Who controls botnets that are coming to your server? Botnets are controlled by the denial of service attacker. In most cased this is done through the use of Trojan viruses. Prolexic, company specializing in DDoS protection, currently tracks over 4,000 control servers, which deploy these botnets for DDoS attacks.
Who should be worried about a DDoS attack? If the purpose of your site is primarily to provide information, financial loss may be minimal. But, if your business is based on e-Commerce, then your losses due to a DDoS attack could be substantial. Some DDoS targets are clear: online gaming websites and financial services firms for example. But, any company or web site could be a target. In the cyber underworld, it is possible to rent 100k of hosts capable of a distributed denial of service attacks of 10 to 100Gbps. This is more than enough to take out practically any popular site on the Internet for not much money per day.
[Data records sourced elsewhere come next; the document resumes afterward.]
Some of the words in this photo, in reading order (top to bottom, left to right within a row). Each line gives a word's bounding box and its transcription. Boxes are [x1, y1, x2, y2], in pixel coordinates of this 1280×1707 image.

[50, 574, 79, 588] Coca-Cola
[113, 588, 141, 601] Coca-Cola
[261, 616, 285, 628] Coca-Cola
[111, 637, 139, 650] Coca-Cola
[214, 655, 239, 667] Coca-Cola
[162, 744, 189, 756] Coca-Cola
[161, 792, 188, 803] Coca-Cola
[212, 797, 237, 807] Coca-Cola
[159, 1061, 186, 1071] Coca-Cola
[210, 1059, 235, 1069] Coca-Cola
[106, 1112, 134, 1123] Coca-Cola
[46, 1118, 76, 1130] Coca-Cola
What else can be done on the top of over-provisioning?
Redundant monitoring will give you more time to respond. When you’re under attack, it helps to know it quickly. A good alternative is to subscribe to a third-party service that monitors your site around the clock from several places on the Internet, assessing its responsiveness from an end-user viewpoint and providing alerts to your phone when problems are found.
Will server logs be helpful to keep? Your web server logs will not know the difference between a genuine visitor and a botnet node. Even if your server has enough power and is able to recover from a DDoS attack, it fails because the logs became too large, and there are too many of them. The log data could be used, after the fact, for forensic purposes, its value is actually limited. It’s definitely more important that servers can respond to genuine users during the attack.
If you find log files increasing in size rather quickly, you need to do one of the two things: keeping the data and losing the server, or losing the data and keeping the server functioning. If your website is critical to your business and large log files are preventing you from recovering, delete the logs.
One of the most important factors is to know your hosting provider and what kind of services they offer. Are you dealing with someone who offers customer service 24 hours, 7 days a week? Someone who you can call day or night? After you call them, will they get on the problem immediately? What kind of a priority can you expect when you call? Make sure to know answers to these kinds of questions before you need someone to help you when your business is facing a DDoS.